(Image-backed grounding data)
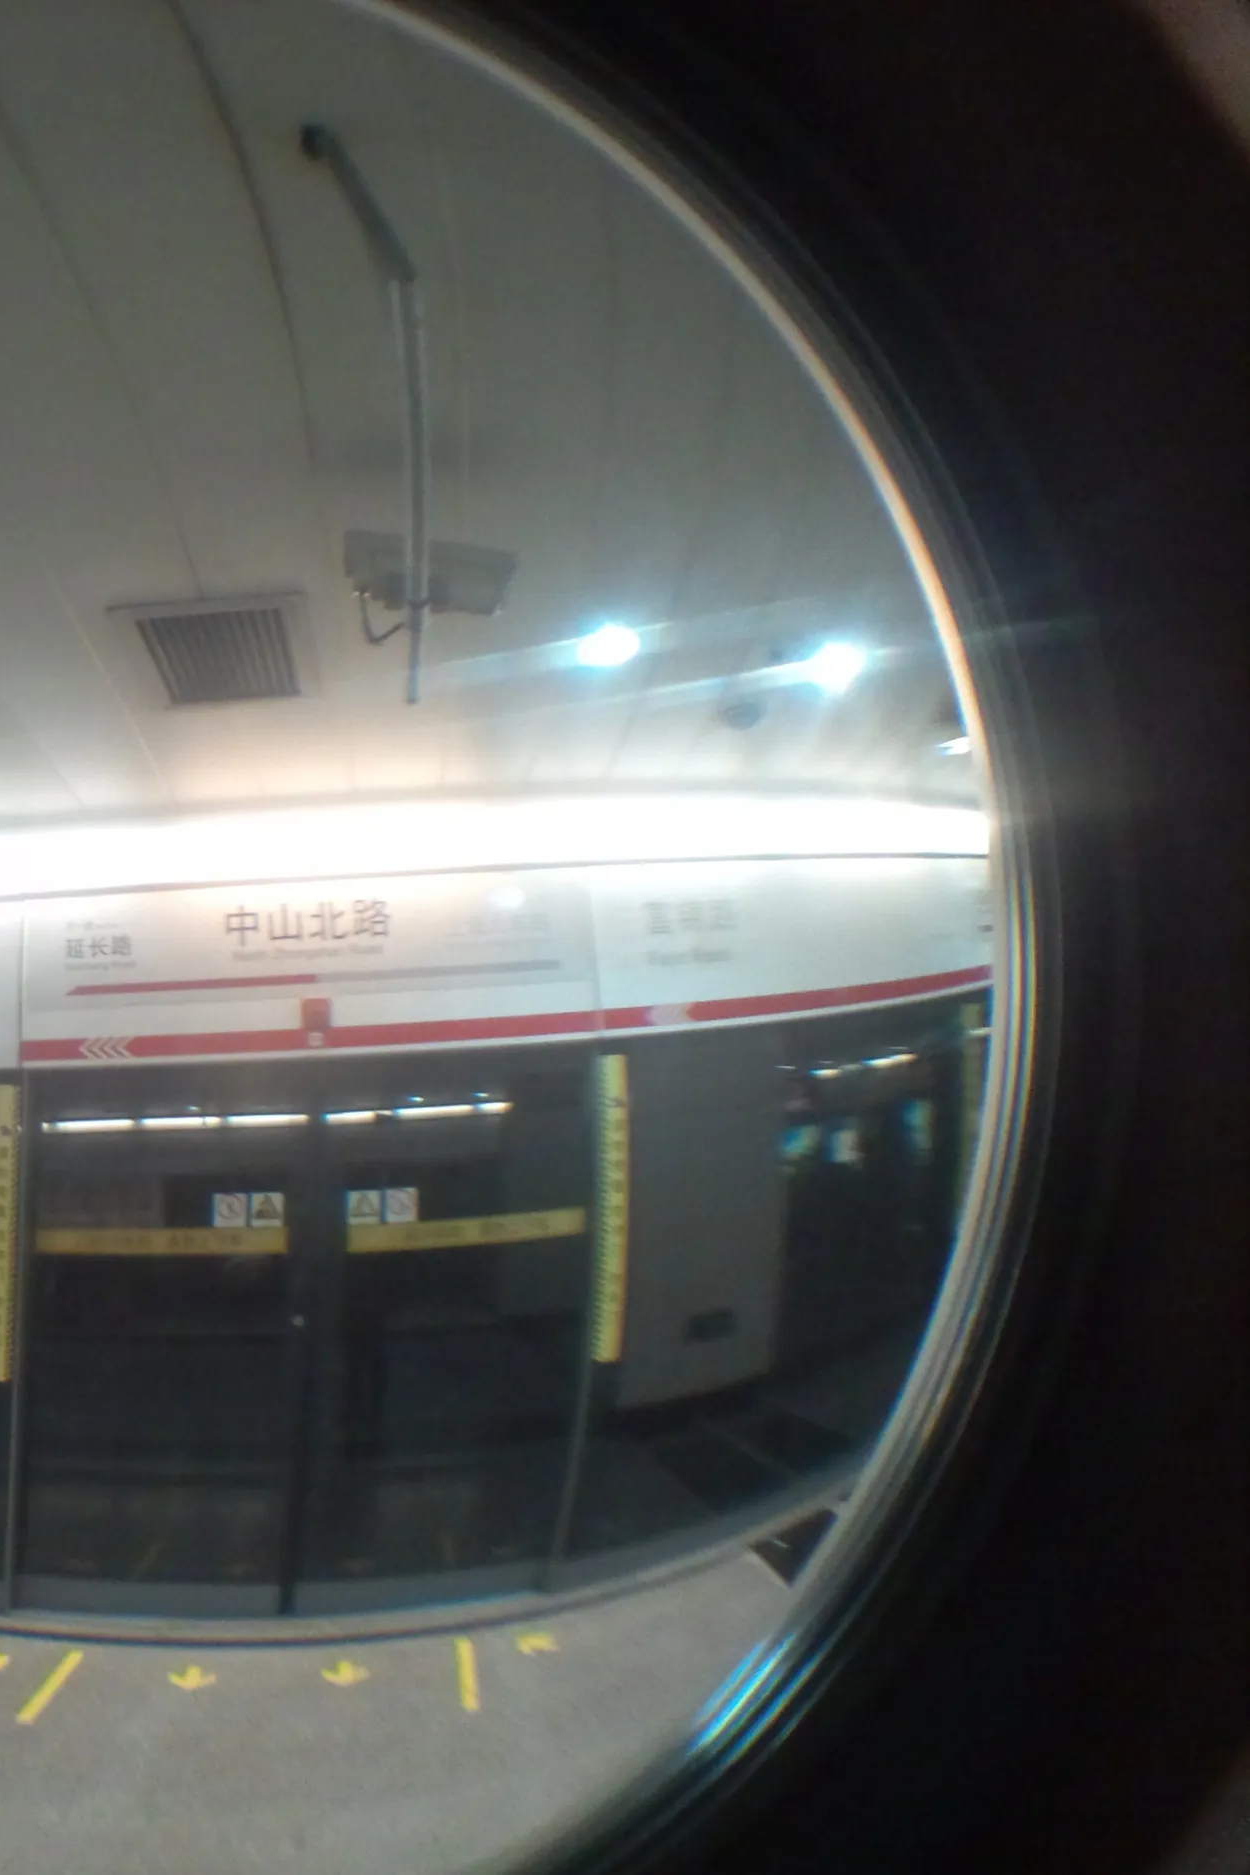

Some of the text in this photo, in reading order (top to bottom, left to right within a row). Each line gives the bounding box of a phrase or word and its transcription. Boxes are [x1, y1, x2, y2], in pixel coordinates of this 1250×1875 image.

[224, 898, 390, 946] 中山北路
[65, 935, 132, 958] 延长路
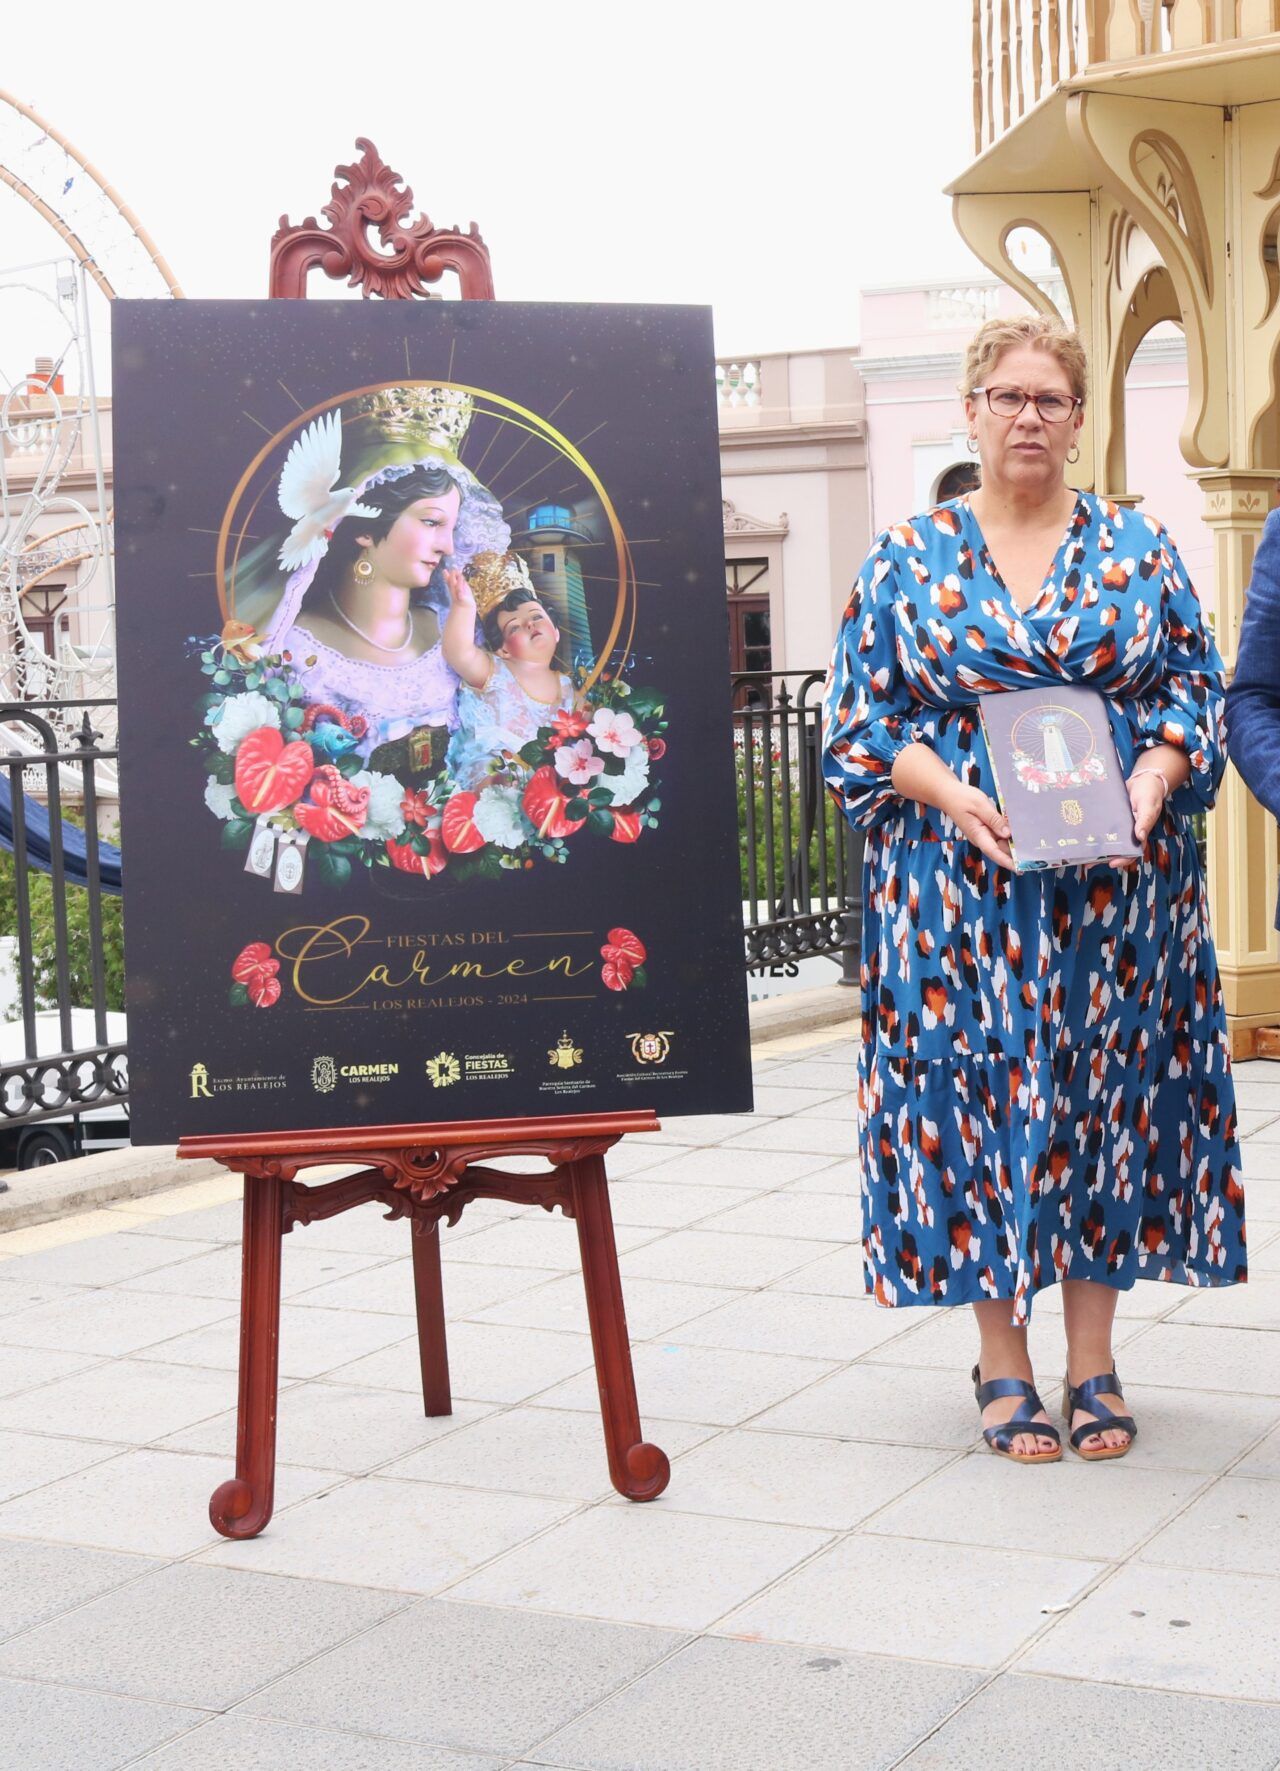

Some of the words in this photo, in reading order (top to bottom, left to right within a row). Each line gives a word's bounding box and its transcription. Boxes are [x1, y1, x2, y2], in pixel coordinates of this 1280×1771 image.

[387, 933, 465, 948] FIESTAS
[471, 931, 510, 945] DEL
[275, 914, 594, 1005] Carmen
[373, 999, 403, 1011] LOS
[407, 996, 485, 1010] REALEJOS
[497, 994, 528, 1005] 2024
[340, 1063, 399, 1077] CARMEN
[465, 1059, 508, 1070] FIESTAS
[362, 1075, 391, 1083] REALEJOS
[213, 1084, 233, 1092] LOS
[236, 1081, 287, 1091] REALEJOS
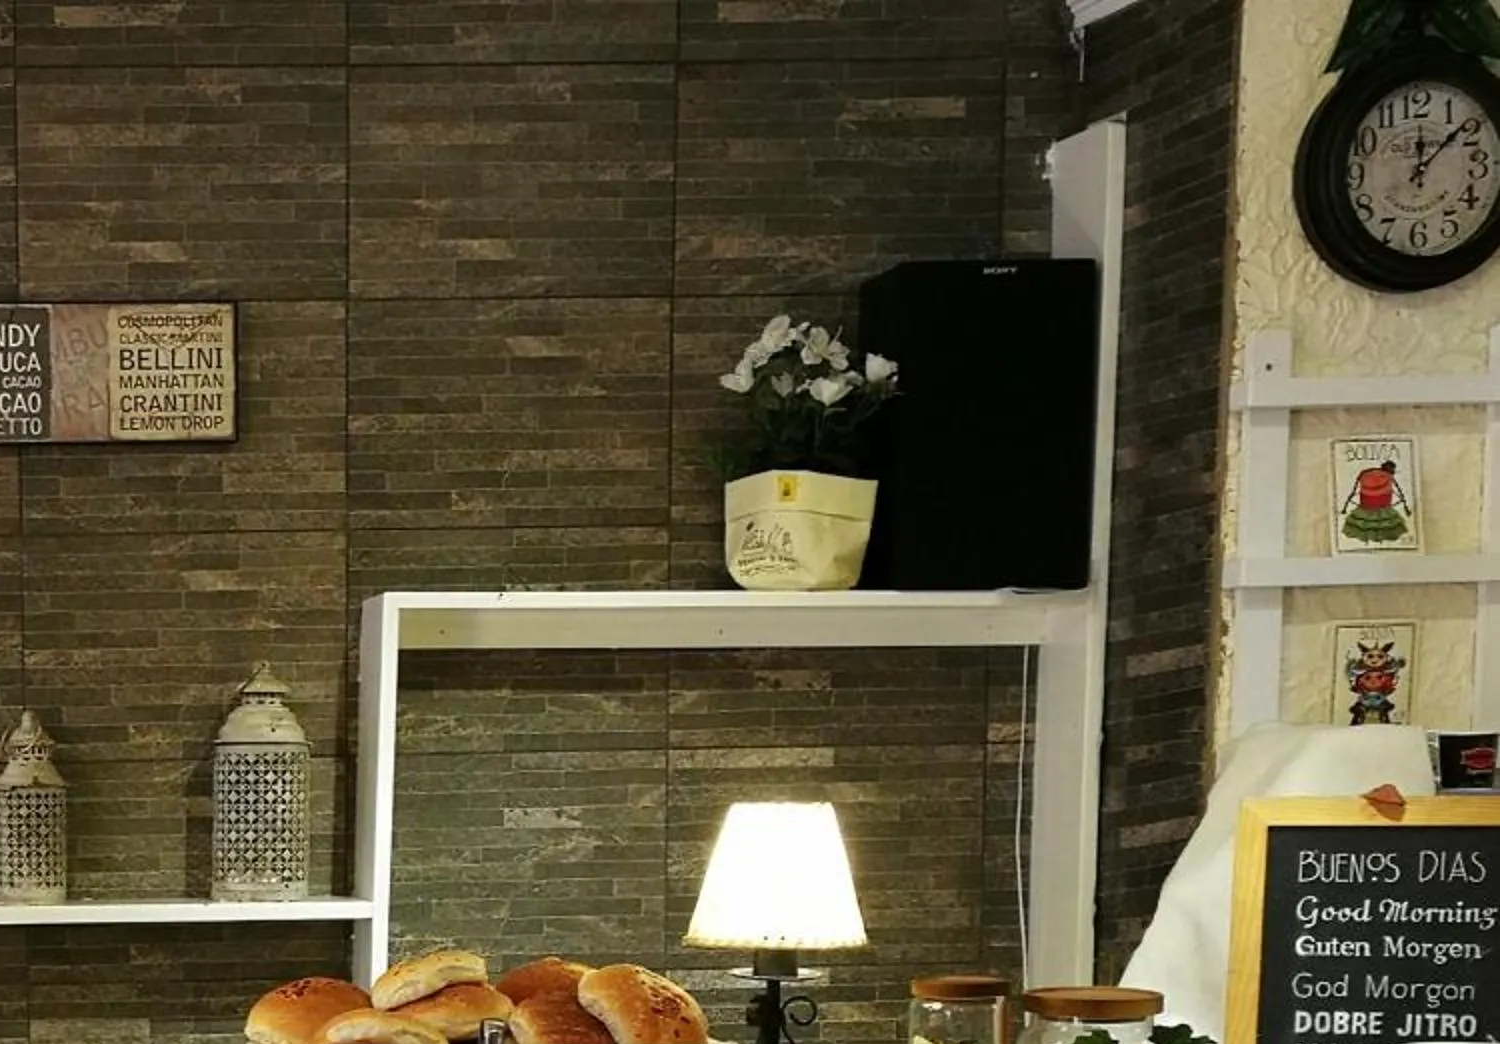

◆ What to produce ◆
Exactly the lines from the line containing "Some of the words" to the end of the records need to be copied, both ends included, with pictures left out.

◆ Answer for this exercise ◆
Some of the words in this photo, in reading order (top to bottom, left to right within a row). Each line gives a word's bounding box and its transcription. Boxes are [x1, y1, x2, y2], in pixel coordinates of this 1280×1771 image.

[387, 933, 465, 948] FIESTAS
[471, 931, 510, 945] DEL
[275, 914, 594, 1005] Carmen
[373, 999, 403, 1011] LOS
[407, 996, 485, 1010] REALEJOS
[497, 994, 528, 1005] 2024
[340, 1063, 399, 1077] CARMEN
[465, 1059, 508, 1070] FIESTAS
[362, 1075, 391, 1083] REALEJOS
[213, 1084, 233, 1092] LOS
[236, 1081, 287, 1091] REALEJOS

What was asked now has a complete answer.